--- Data provided ---

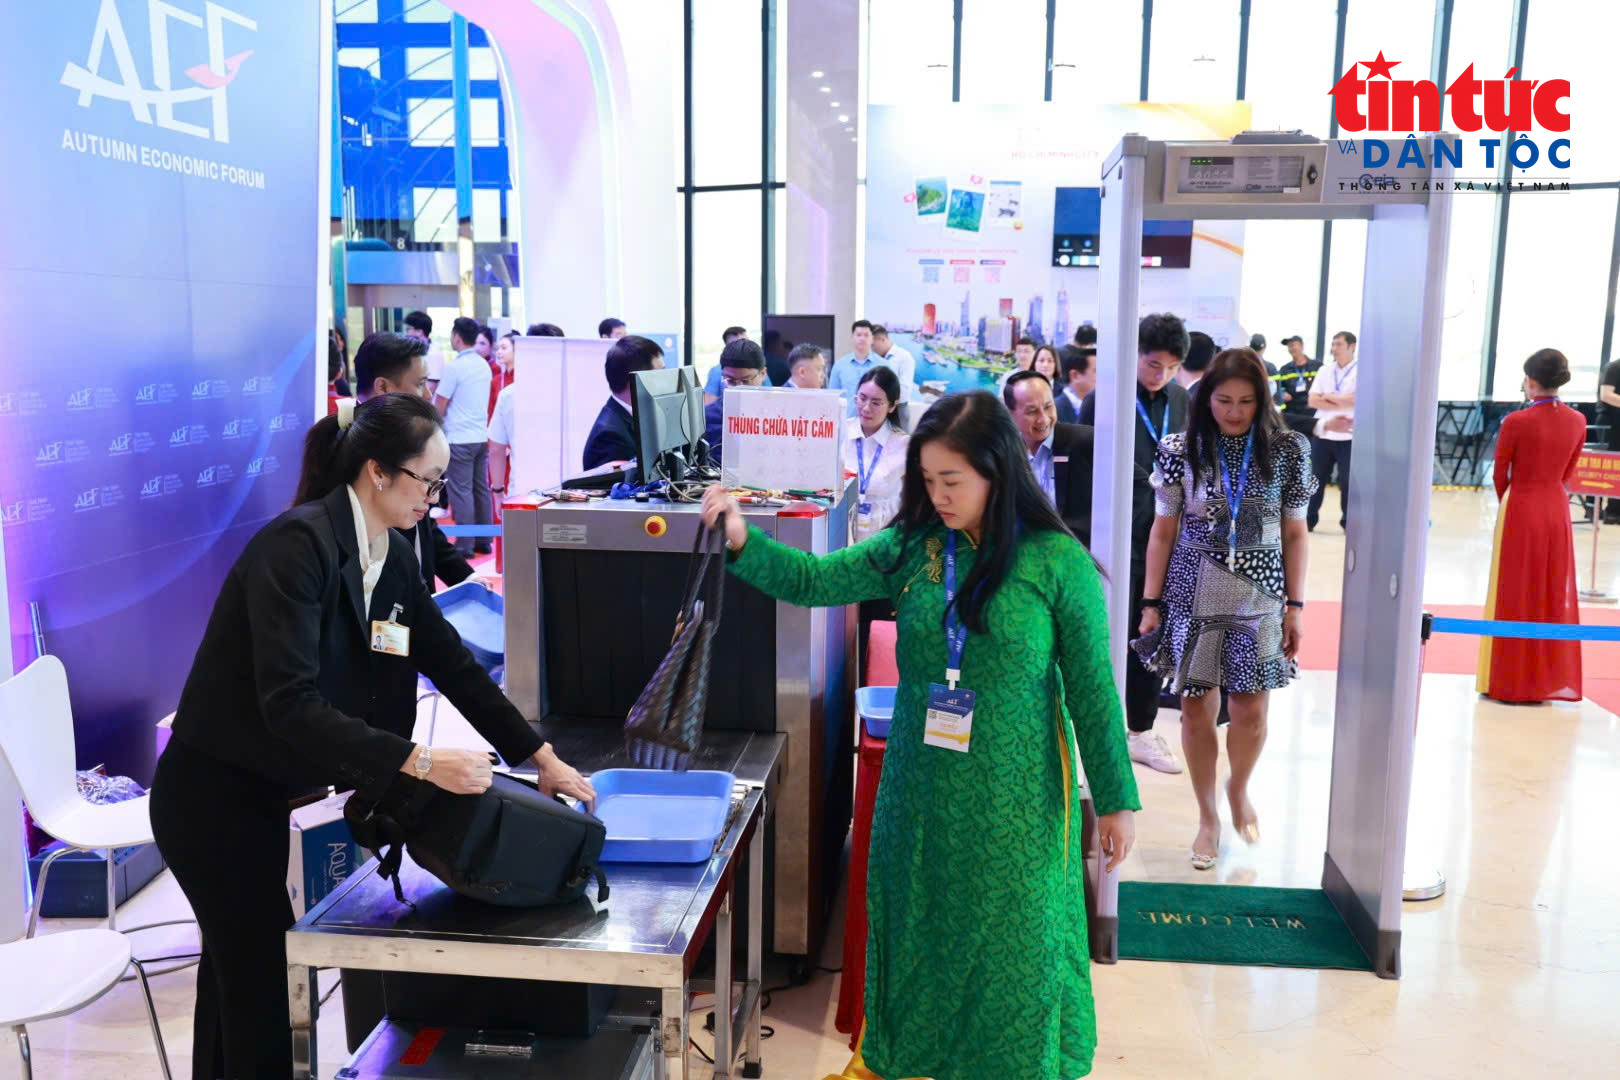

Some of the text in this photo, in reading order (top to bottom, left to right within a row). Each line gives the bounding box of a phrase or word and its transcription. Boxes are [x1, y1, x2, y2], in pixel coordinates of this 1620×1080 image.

[61, 129, 265, 190] AUTUMN ECONOMIC FORUM
[762, 414, 788, 437] CHỨA
[791, 416, 808, 440] VẬT
[811, 415, 834, 438] CẤM

---

Directions: Please return the listing above exactly and leave every picture out.

Response to the task:
Some of the text in this photo, in reading order (top to bottom, left to right within a row). Each line gives the bounding box of a phrase or word and its transcription. Boxes are [x1, y1, x2, y2], in pixel coordinates of this 1620×1080 image.

[61, 129, 265, 190] AUTUMN ECONOMIC FORUM
[762, 414, 788, 437] CHỨA
[791, 416, 808, 440] VẬT
[811, 415, 834, 438] CẤM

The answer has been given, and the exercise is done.